Had we met back in Michigan, our conversation would have been exceptoinaly brief: a nod and a passing smile, “Oh yeah, I’m from…” and that would probably have been that. Here, though, it’s a reunion, and we spent a good five minutes in rapt conversation, talking about what it was like here, enjoying some proper Midwestern personalities and all the things that we had in common.
OK, it’s not that much, but it’s a strange kind of connection.
These “reunions” are funny, every time. We all move to Seattle to get away, to find something new, but the people I meet are always too willing to engage in a friendly round of nostalgia. Especially us small-towners, who seem to know where you’re from. Ludington? Yep. Hell? You got it. Charlevoix? Been there. Hemlock? Born and (ill-)bred. Chesaning? Too many times.
And so another connection is forged, 1800 miles away from where we were. God I love this city.
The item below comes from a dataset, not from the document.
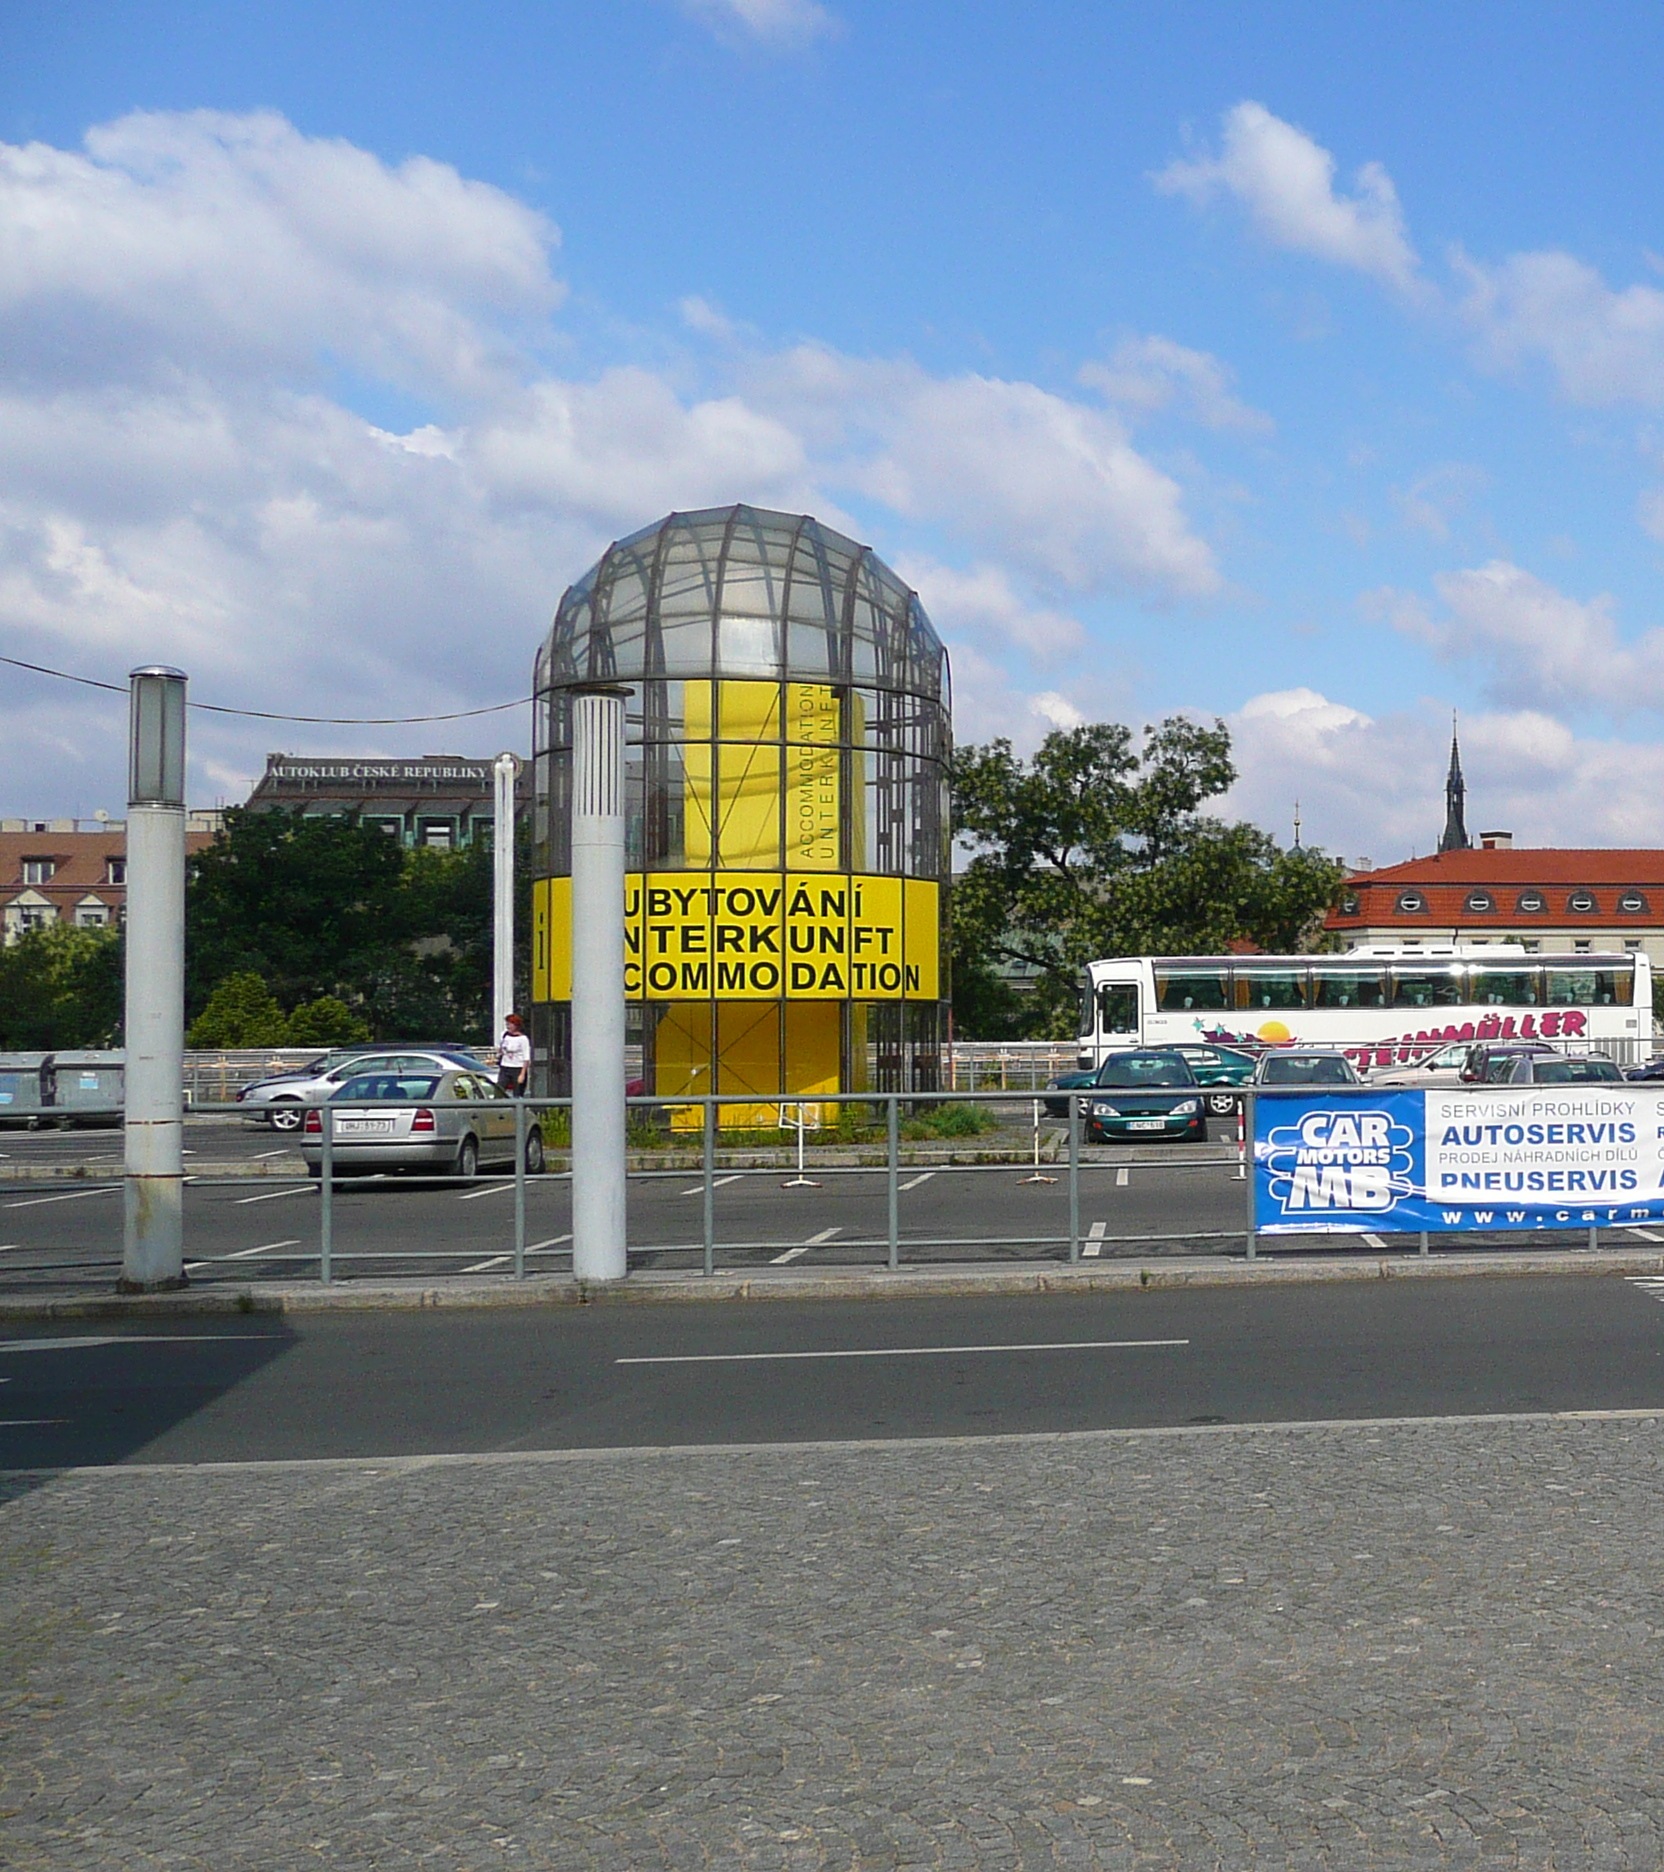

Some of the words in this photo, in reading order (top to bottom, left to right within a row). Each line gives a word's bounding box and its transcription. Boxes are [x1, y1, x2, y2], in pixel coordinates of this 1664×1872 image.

Seattle is a city of impromptu reunions. It feels like we’re all from somewhere else. After all, the question is never: “So, were you born here?”
Truth be told, I sometimes think that Seattle exists on a soap bubble edge of reality, like Shangri-La, brought about by consensual imagination. Or Schrodinger’s Cat writ large, it exists in a cloud of quantum probabilities until you come to visit.